[Saved entries]
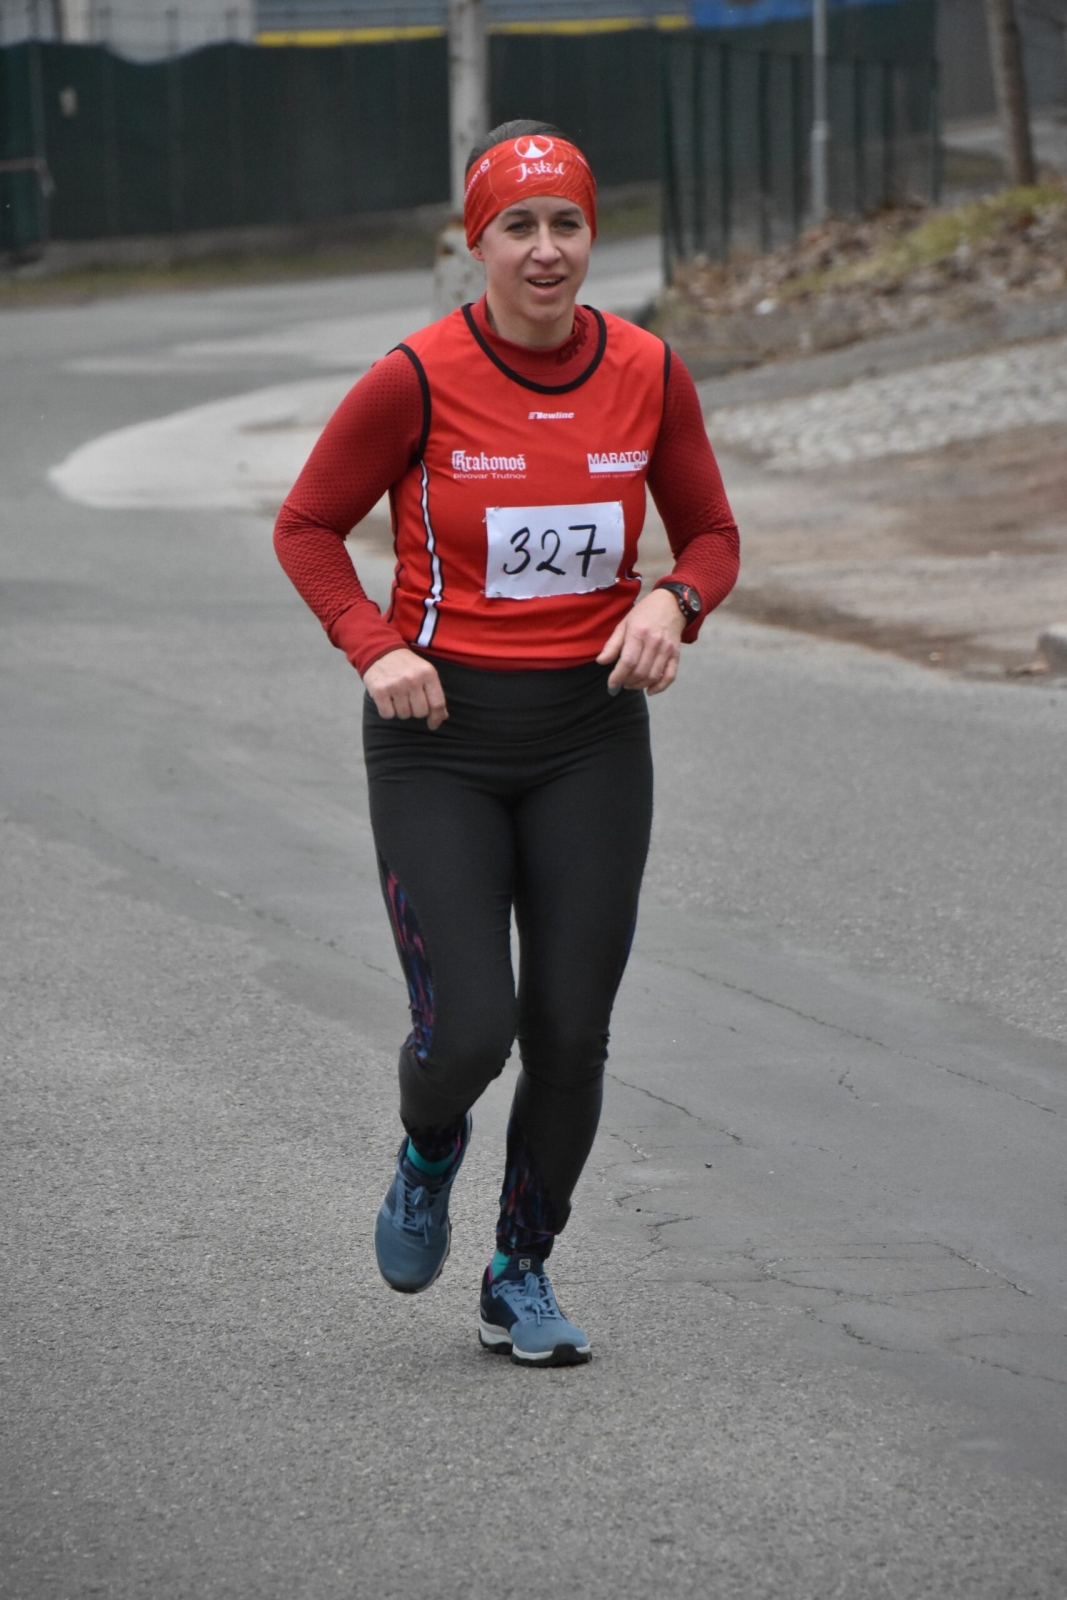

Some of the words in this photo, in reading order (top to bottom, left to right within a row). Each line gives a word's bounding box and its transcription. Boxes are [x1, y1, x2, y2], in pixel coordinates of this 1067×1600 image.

[452, 450, 526, 472] Krakonoš
[587, 450, 649, 464] MARATON
[491, 472, 526, 480] Trutnov
[503, 524, 607, 578] 327

# To do:
Your answer must be an exact copy of the records, free of images.

# Result for this exercise:
Some of the words in this photo, in reading order (top to bottom, left to right within a row). Each line gives a word's bounding box and its transcription. Boxes are [x1, y1, x2, y2], in pixel coordinates of this 1067×1600 image.

[452, 450, 526, 472] Krakonoš
[587, 450, 649, 464] MARATON
[491, 472, 526, 480] Trutnov
[503, 524, 607, 578] 327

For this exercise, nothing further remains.